Merge pull request #524 from mgxd/rf/submitter

djarecka · web-flow · commit 7e8232c733b6 · 2022-04-14T12:01:56.000-04:00
RF: Submitter logic.
diff --git a/pydra/engine/core.py b/pydra/engine/core.py
@@ -1055,7 +1055,9 @@ async def _run(self, submitter=None, rerun=False, **kwargs):
                 "Workflow output cannot be None, use set_output to define output(s)"
             )
         # creating connections that were defined after adding tasks to the wf
-        self._connect_and_propagate_to_tasks()
+        self._connect_and_propagate_to_tasks(
+            propagate_rerun=self.task_rerun and self.propagate_rerun
+        )
 
         checksum = self.checksum
         output_dir = self.output_dir
@@ -1097,8 +1099,11 @@ async def _run(self, submitter=None, rerun=False, **kwargs):
     async def _run_task(self, submitter, rerun=False):
         if not submitter:
             raise Exception("Submitter should already be set.")
+        for nd in self.graph.nodes:
+            if nd.allow_cache_override:
+                nd.cache_dir = self.cache_dir
         # at this point Workflow is stateless so this should be fine
-        await submitter._run_workflow(self, rerun=rerun)
+        await submitter.expand_workflow(self, rerun=rerun)
 
     def set_output(self, connections):
         """
@@ -1227,21 +1232,31 @@ def create_dotfile(self, type="simple", export=None, name=None):
                 formatted_dot.append(self.graph.export_graph(dotfile=dotfile, ext=ext))
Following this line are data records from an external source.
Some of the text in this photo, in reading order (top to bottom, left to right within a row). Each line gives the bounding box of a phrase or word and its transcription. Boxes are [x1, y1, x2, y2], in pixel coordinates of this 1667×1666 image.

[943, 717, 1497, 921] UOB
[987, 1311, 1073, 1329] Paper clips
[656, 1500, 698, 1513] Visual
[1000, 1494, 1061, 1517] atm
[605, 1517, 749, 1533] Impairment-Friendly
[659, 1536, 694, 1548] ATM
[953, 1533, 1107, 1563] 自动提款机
             return dotfile, formatted_dot
 
-    def _connect_and_propagate_to_tasks(self):
+    def _connect_and_propagate_to_tasks(
+        self,
+        *,
+        propagate_rerun=False,
+        override_task_caches=False,
+    ):
         """
         Visit each node in the graph and create the connections.
         Additionally checks if all tasks should be rerun.
         """
         for task in self.graph.nodes:
+            self.create_connections(task)
             # if workflow has task_rerun=True and propagate_rerun=True,
             # it should be passed to the tasks
-            if self.task_rerun and self.propagate_rerun:
-                task.task_rerun = self.task_rerun
+            if propagate_rerun:
+                task.task_rerun = True
                 # if the task is a wf, than the propagate_rerun should be also set
                 if is_workflow(task):
-                    task.propagate_rerun = self.propagate_rerun
+                    task.propagate_rerun = True
+
+            # ported from Submitter.__call__
+            # TODO: no prepare state ?
+            if override_task_caches and task.allow_cache_override:
+                task.cache_dir = self.cache_dir
             task.cache_locations = task._cache_locations + self.cache_locations
-            self.create_connections(task)
 
 
 def is_task(obj):
diff --git a/pydra/engine/submitter.py b/pydra/engine/submitter.py
@@ -1,14 +1,7 @@
 """Handle execution backends."""
 import asyncio
-import time
 from uuid import uuid4
-from .workers import (
-    SerialWorker,
-    ConcurrentFuturesWorker,
-    SlurmWorker,
-    DaskWorker,
-    SGEWorker,
-)
+from .workers import WORKERS
 from .core import is_workflow
 from .helpers import get_open_loop, load_and_run_async
 
@@ -35,61 +28,60 @@ def __init__(self, plugin="cf", **kwargs):
         self.loop = get_open_loop()
         self._own_loop = not self.loop.is_running()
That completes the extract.